As Rebel Mettle closes its doors I’m left with a terrible feeling inside my soul. This one is a real heartbreaker for me as a massive lager fan (and a huge fan of how these guys were going to go about all of this). There were a lot of reasons that this brewery should have flourished here in Cincinnati… and yet it just didn’t work. I’ve spent the last few days working this over in my mind trying to figure out what exactly I think the blame is – the location? The beer? Covid? There’s a lot that I’d like to point at, but that just doesn’t quite satisfy me.

I know one thing for certain… Rebel Mettle’s tagline was that “fortune favors the daring” – Rebel Mettle was daring. They had moxie. The brewery was true to who they wanted to be, and for that – I’m proud of them.

The Location

On one hand… because of the pandemic, downtown certainly took a hit over the last couple of years. I can’t deny that. But 2021 and early 2022 were freaking epic. The Bengals were on a historic season, that saw tons of folks hanging out just a couple of blocks away from the taproom.

Conventions started returning… you can walk through a parking lot from the convention center and immediately be in the taproom.

Heck… if you hate driving downtown, you can get off 75, make one quick turn, and park without really having to get into the city itself.

It all adds up to a location that shouldn’t be to blame for this closure. But if it wasn’t the location… what was it?

The Beer

It’s hard to start your life as a lager-only brewery in 2022 – especially in the midwest. Rebel Mettle was really careful to try to create beers that satisfied not only traditional lager fans but also fans of some more “modern” styles. Their Imperial Juniper Schwarzbier? An easy-drinking IPL? Even the flagship American Light Lager, Stubentiger should have been an absolute crowd-pleaser.

The beers were solid, they were drinkable… and there was so much room for these guys to keep growing and evolving – taking the theme and really rolling with it. If you pay attention to what Untappd says (and I’m not claiming that you should, at all…) Rebel Mettle sat squarely right in the middle, with plenty of breweries “better” and plenty “worse” than they were.

Beer wasn’t the problem.

The Pandemic

Things were tough over the last couple of years. Rebel Mettle opened its doors in September of 2020, 6 months after all hell broke loose. I’ve been a firm believer that if you’re a new business opening during this time – if you can survive it, you’ll be better than you would have been otherwise.

The pandemic turned downtown into a ghost town – people were working from home, and folks started staying in the suburbs more instead of heading down for an evening out. It looked and felt a lot different before and after things shut down in 2020.

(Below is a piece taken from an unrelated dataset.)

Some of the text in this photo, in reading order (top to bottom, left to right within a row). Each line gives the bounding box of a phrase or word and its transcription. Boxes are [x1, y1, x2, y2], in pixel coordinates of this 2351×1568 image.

When the brewery was in planning – they thought the city was going to look like one thing, and once they opened their doors, it looked like something completely different. Maybe… maybe they weren’t ever able to adapt to that change and make it work. You can start canning your beer, selling it across the state, and try to compete in that market – but trying to make a few lagers stand out on a shelf of hundreds of beers is next to impossible in 2022.

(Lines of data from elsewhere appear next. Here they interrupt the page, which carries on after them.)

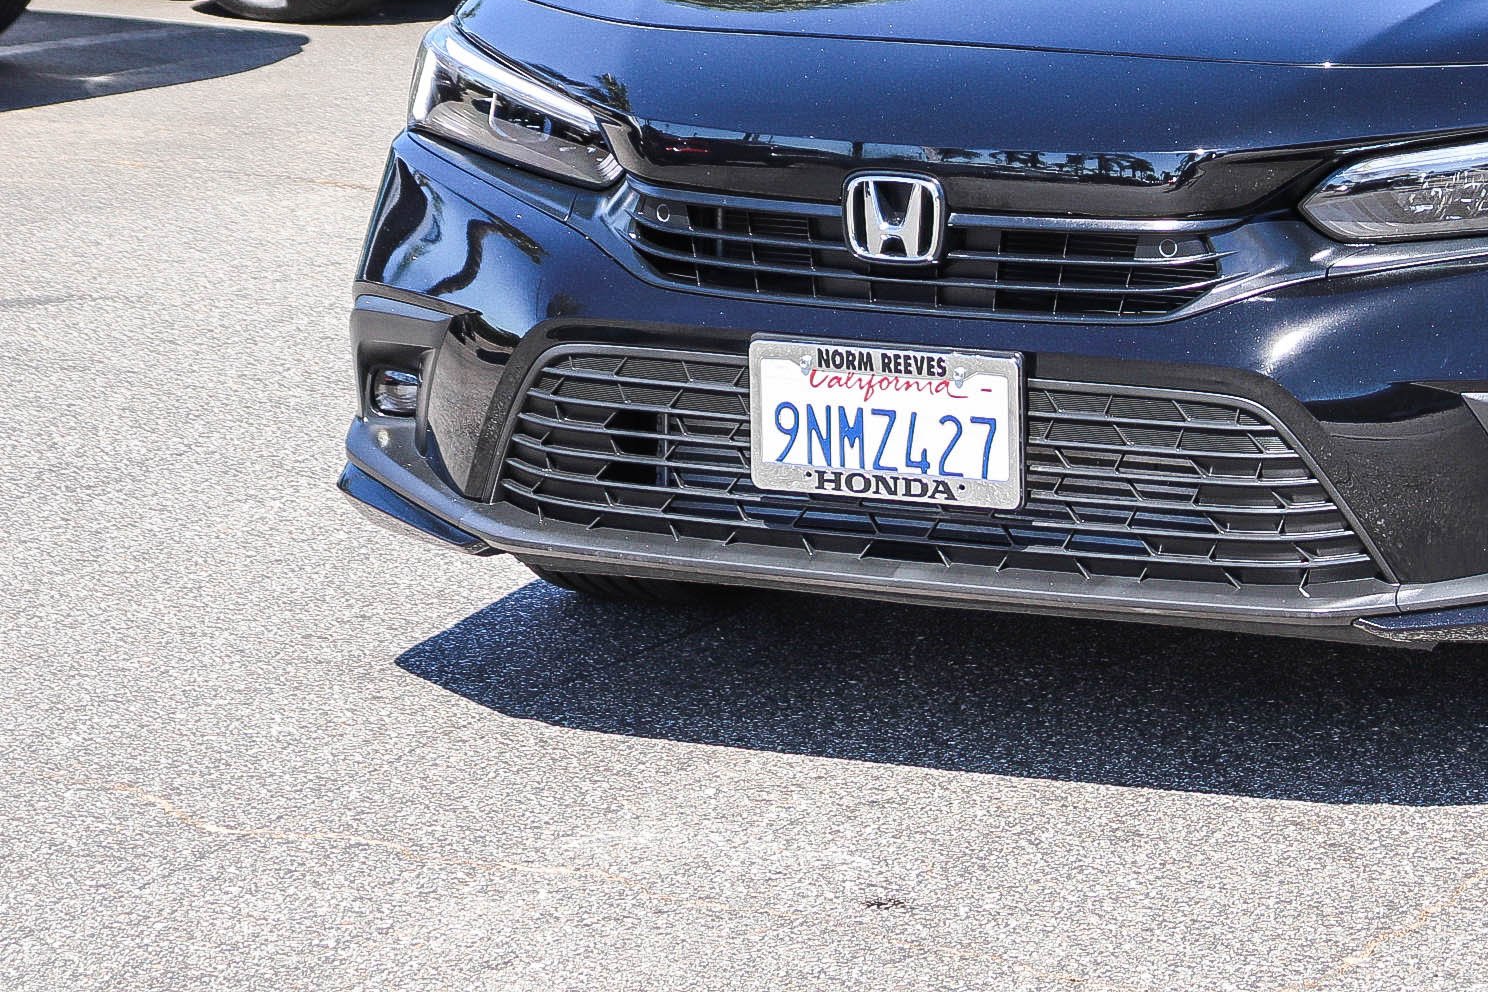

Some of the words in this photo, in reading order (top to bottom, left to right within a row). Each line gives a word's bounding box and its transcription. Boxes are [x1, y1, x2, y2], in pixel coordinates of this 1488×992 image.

[816, 347, 874, 372] NORM
[881, 352, 947, 378] REEVES
[809, 368, 968, 402] California
[774, 401, 997, 480] 9NMZ427
[814, 469, 958, 501] HONDA

Your taproom has to be ground zero, and for all of the reasons above… it just never became that for Rebble Mettle.

What Can We Learn?

At the end of the day when something like this fails – what are we supposed to walk away with? What lesson can we tuck away to make sure that something good comes out of it?

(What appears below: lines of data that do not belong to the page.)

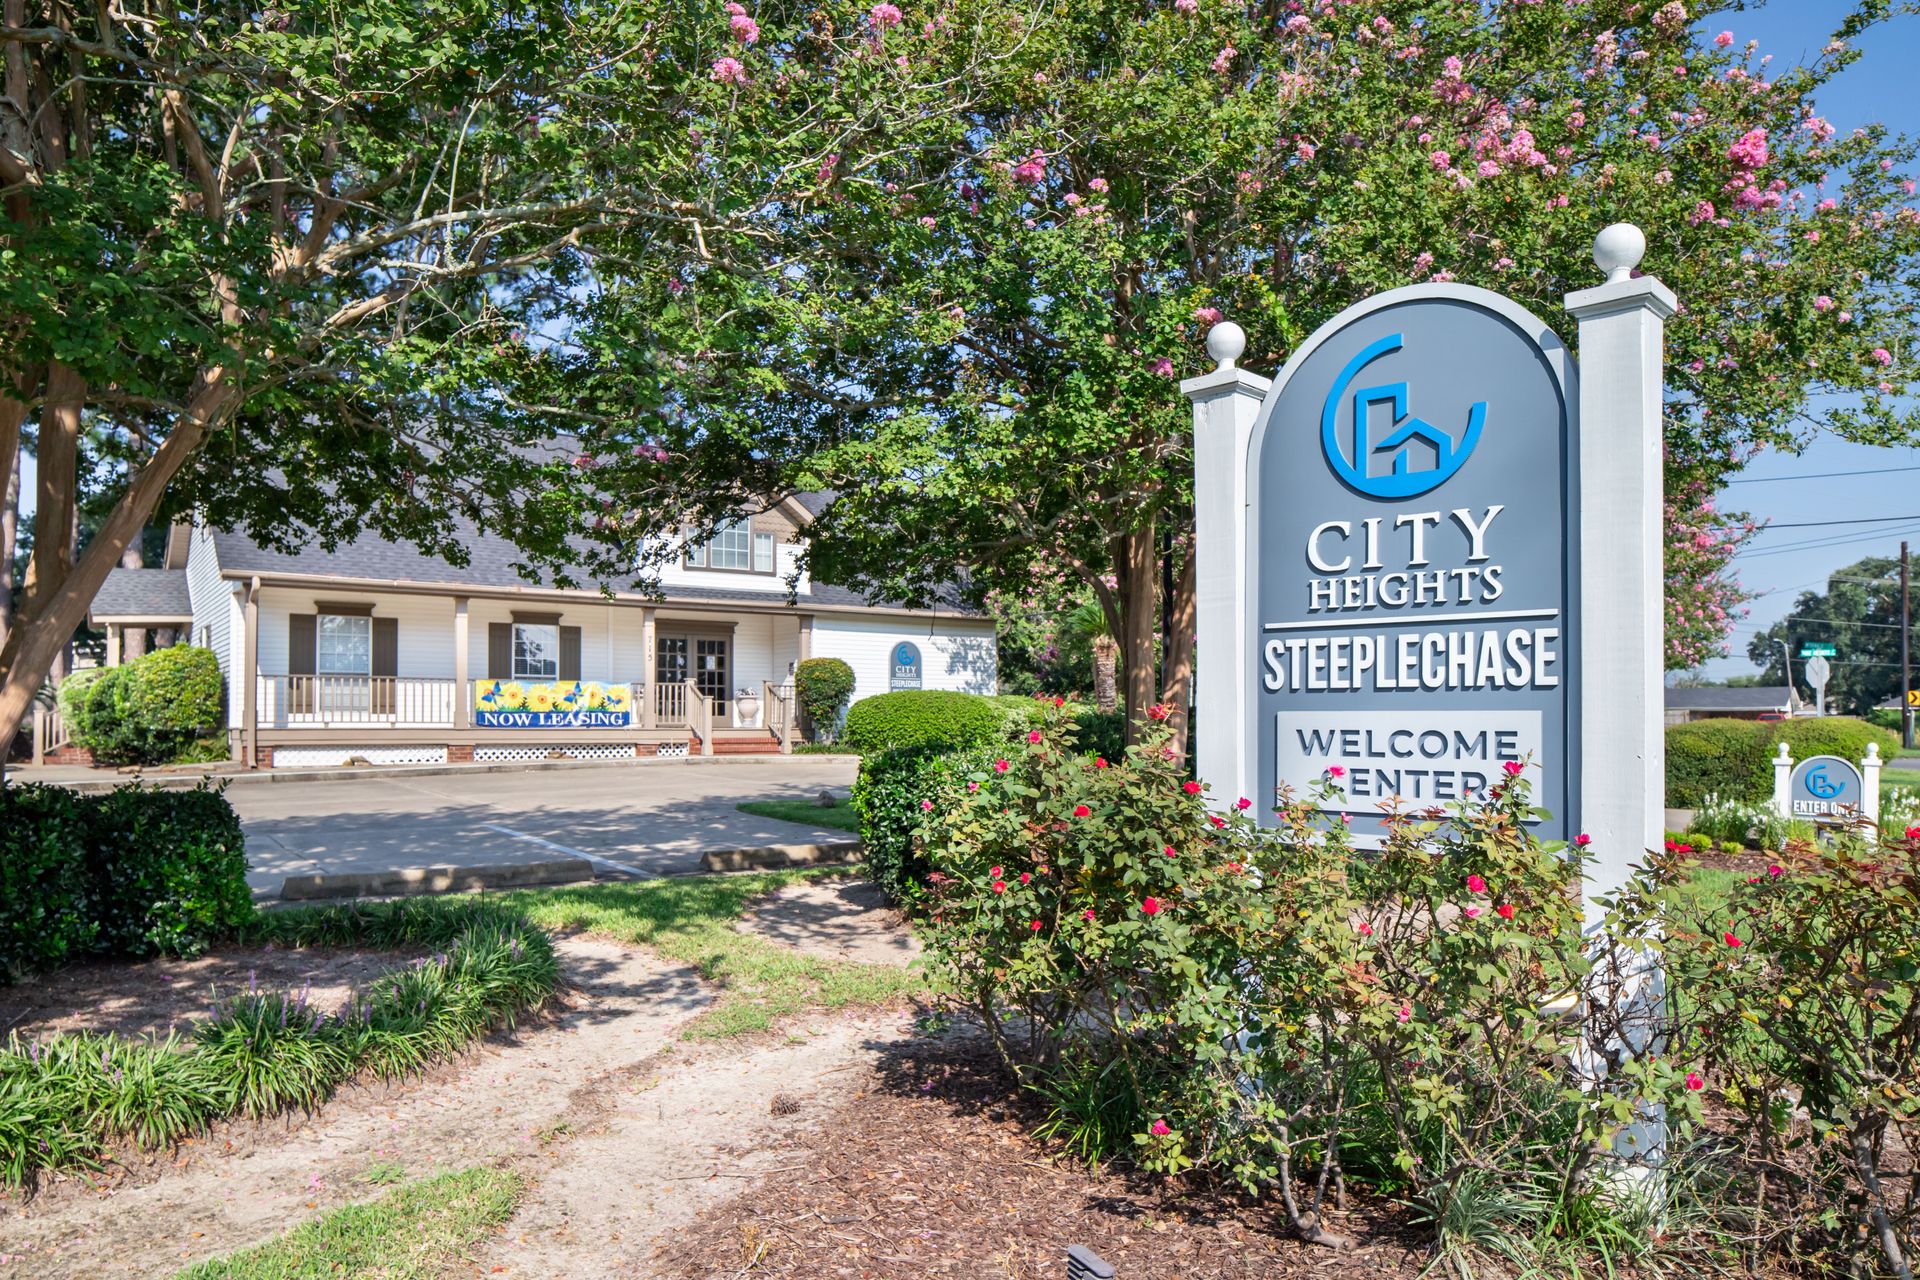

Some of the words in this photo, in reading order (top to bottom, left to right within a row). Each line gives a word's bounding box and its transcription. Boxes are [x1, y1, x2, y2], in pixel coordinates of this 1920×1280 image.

[1307, 505, 1504, 573] CITY
[1308, 565, 1504, 611] HEIGHTS
[895, 665, 916, 673] CITY
[1264, 627, 1559, 692] STEEPLECHASE
[483, 712, 533, 727] NOW
[539, 711, 624, 726] LEASING
[1296, 729, 1519, 761] WELCOME
[1794, 800, 1827, 813] ENTER

Nothing is guaranteed in the beer industry these days. This is not an easy road, and definitely not one that comes without a fair dose of chaos. The world changes and this industry has to change with it, or else places like this die. (If you want to read about some of the trends to watch this year – here’s a great post…)

It’s heartbreaking to watch a place like Rebel Mettle never really get a chance to shine before they are shuttered. This easily could have become one of the big names that everyone mentions when they talk about Cincinnati beer – and if they had opened their doors 3 years before they did? Maybe they would have.

6 thoughts on “Rebel Mettle Closes, And It’s Hard To Figure Out What To Blame.”

    1. It never feels good when one of our breweries closes – but this is one of those ones that really, really sucks. I feel like they just didn’t quite get the shot that they “deserved”.

  1. I liked their beers and I liked the place. After I picked up my packet for the Flying Pig I went there. Mike was working the bar alone, he was really busting his chops! I had a couple beers and talked to runners from out of town. They really liked the beer as well!
    This is just sad… no more Volume 🙁

  2. I came for a trip to Cincinnati for the first time in 2021 when Covid had slowed down and found this brewery. I’m going back in a week for this brewery… or, I was. My heart is broken. This was the type of place that hit all the marks between beer, ambiance and location. Thanks for the article and to anyone from Rebel Mettle, thanks for the beer.